Recently, however, despite my traditional attachment to these slightly more artistic forms of communication, i have begun to suspect that perhaps my gift really lies in the area of non-fiction. i have never written very much of it, save on this particular blog, and even though the bulk of my posts here can be classified as non-fiction, they still feel fictitious, at least in the sense that they are driven by narrative rather than by research. i must confess i owe at least a portion of this suspicion to my wife, who first pointed out that she found my non-fiction to be my best work. Lately i have toyed with idea of working more exclusively in this domain, and it is starting to gain sway for me. i suppose what always steered me away from writing non-fiction was a lack of qualification. i am an expert in precisely zero subjects, save perhaps the subject of myself. But perhaps this is enough. Perhaps there is enough of a story in my life – and i suspect there is, not because i have lived a particularly adventurous or meaningful life, but because i have lived a particularly rebellious one – to merit its writing. After all, God has written a rather amazing story already, having provided for me time and time again despite my unwillingness to receive that provision. i think perhaps i will stay away from fiction, at least for the time being – God is, after all, a better story-teller than i will ever be – and stick strictly to writing about my experiences with Him and the recovery He has seen fit to mercifully bring into my life. Maybe in this, at last, after a year of dabbling in essentially every variety of writing and succeeding at none, i have found my calling. Time however, will tell.

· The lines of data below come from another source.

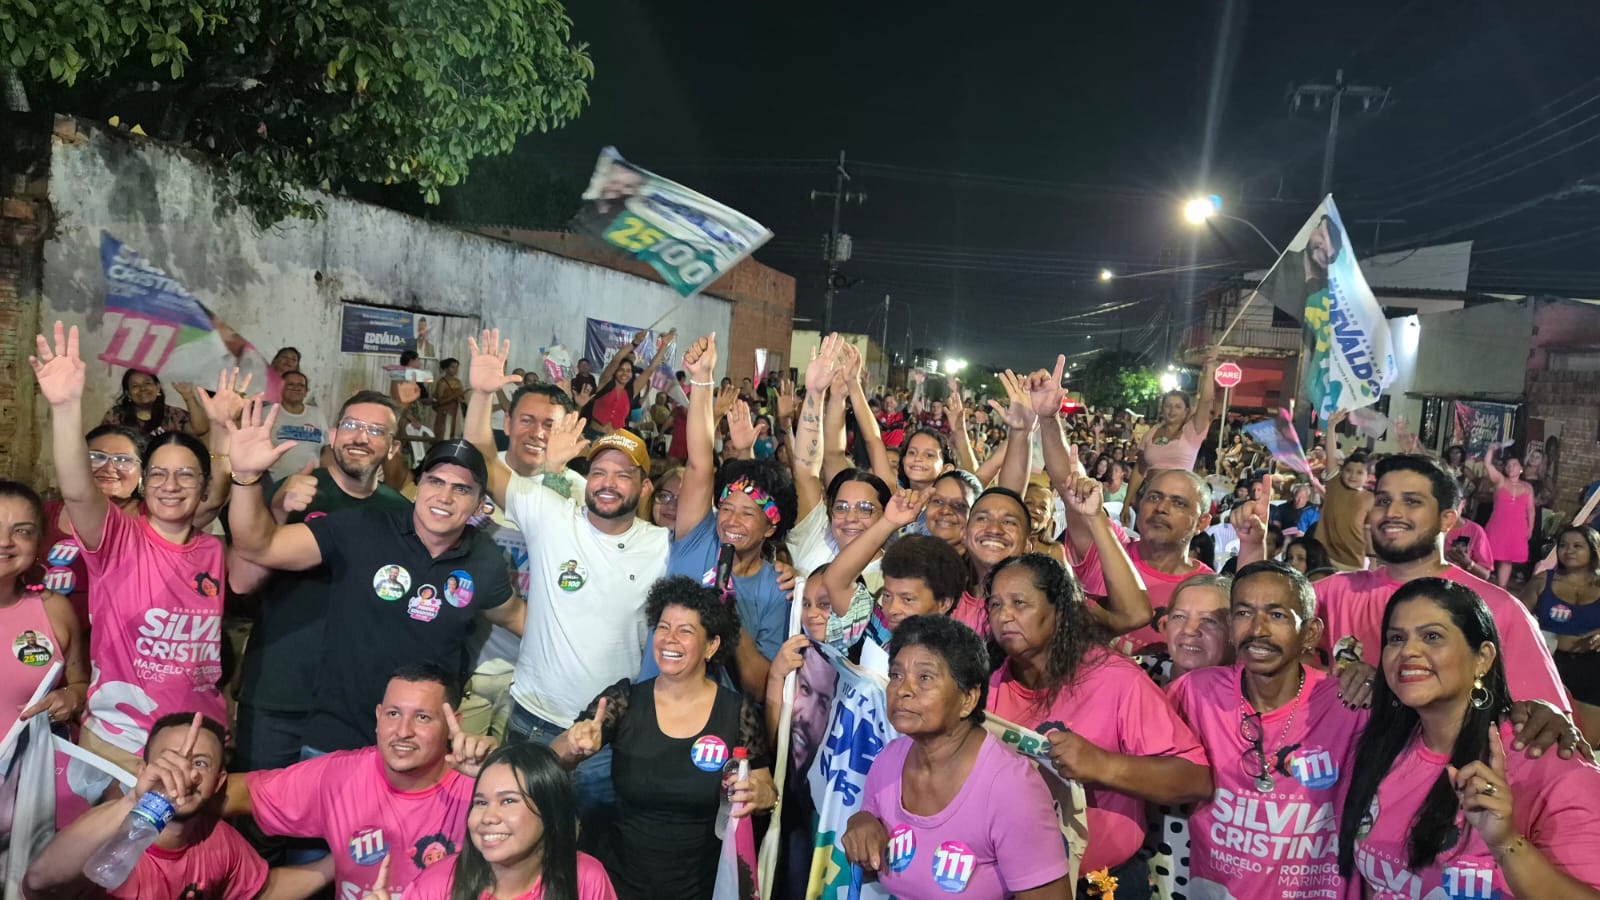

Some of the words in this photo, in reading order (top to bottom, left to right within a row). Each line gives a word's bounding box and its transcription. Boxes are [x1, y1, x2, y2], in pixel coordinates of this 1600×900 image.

[99, 311, 178, 368] 111
[1217, 370, 1241, 379] PARE
[49, 544, 79, 561] 111
[23, 654, 50, 663] 25100
[135, 636, 222, 663] CRISTIN
[136, 669, 167, 683] UCAS
[694, 743, 725, 764] 111
[1295, 750, 1334, 782] 111
[351, 828, 384, 860] 111
[887, 829, 913, 865] 111
[1210, 821, 1341, 861] CRISTINA
[935, 849, 974, 882] 111
[1210, 847, 1263, 873] MARCELO
[1210, 860, 1244, 880] LUCAS
[1277, 875, 1342, 888] MARINHO
[1281, 889, 1338, 899] SUPLENTES
[1446, 866, 1493, 899] 111

The well-known adage “truth is stranger than fiction” has a less-familiar second clause, which i find even more profound than the first. “It is because,” Twain says, “fiction is obliged to stick to possibilities; Truth isn’t.” If you had asked me 30 months ago what i dreamed would be “possible” for the coming years, for my personal and spiritual life, for my career, and for my marriage, i would not have been able to even begin to guess at the current shape each of those elements has in my life. i believe that the purpose of writing is to provide insight and wisdom into the life of another, and by doing so, be a force for peace, for reparation, for reconciliation. Fiction gives us a certain view of truth through its exploration of possibilities, and poetry another through its propensity for ambitious metaphor, and both can provide some measure of universality, and thus each may, in part, accomplish the objective of establishing commonality. But God has written a truth, full and glorious, that no human word can sufficiently capture, and in my case, as it is for many of us, that truth is more compelling and more exhilarating, and thus ultimately vastly more unifying, than any story or device which we have ever conceived of or read. These stories, our stories, with all of their ugly and rambunctious and supercilious components, are the stories which people most need to hear. These are the stories that will heal, because ultimately they are not about us at all. Tell yours, and i will do mine.

***

Shotgun: seven microessays

***

These words stumble out slowly, like 2 am bar patrons, steeped in a forgetfulness wrought by intentional neglect. Productivity is always the fruit of a well cultivated garden, and this one has gone unweeded and unkempt for weeks.

***

Watched a movie the other day (which is the lazy man’s reading). Protagonist was a 30-year old stoner who still lived with his mother. Believe it or not, this actually appeals to me: there is a certain muck of the effortless life that one can rest in, and though it is sad and empty it is also safe and unburdensome. On some level, it’s not as bad as it seems. After all, the struggle to find meaning perpetuates, whether one is by worldly standards a success or a failure. If you don’t believe me, read Ecclesiastes.

Rambling, i know. i’ll get to it soon. This is what happens when you don’t write for a while: your efforts become unfocused, undisciplined, scattery blasts hoping that what they lack in precision they make up for in force, unaware that in many cases, precision is force.

***

There’s some saying about idleness. Devil’s workshop or somesuch. Chicken or egg situation here, as i see it. Not sure whether idleness gives room for the devil to work, or whether he uses anxiety and uncertainty to produce idleness. “Produce idleness” is a stupid phrase, oxymoronic and imprecise. A month ago i would have cared about that.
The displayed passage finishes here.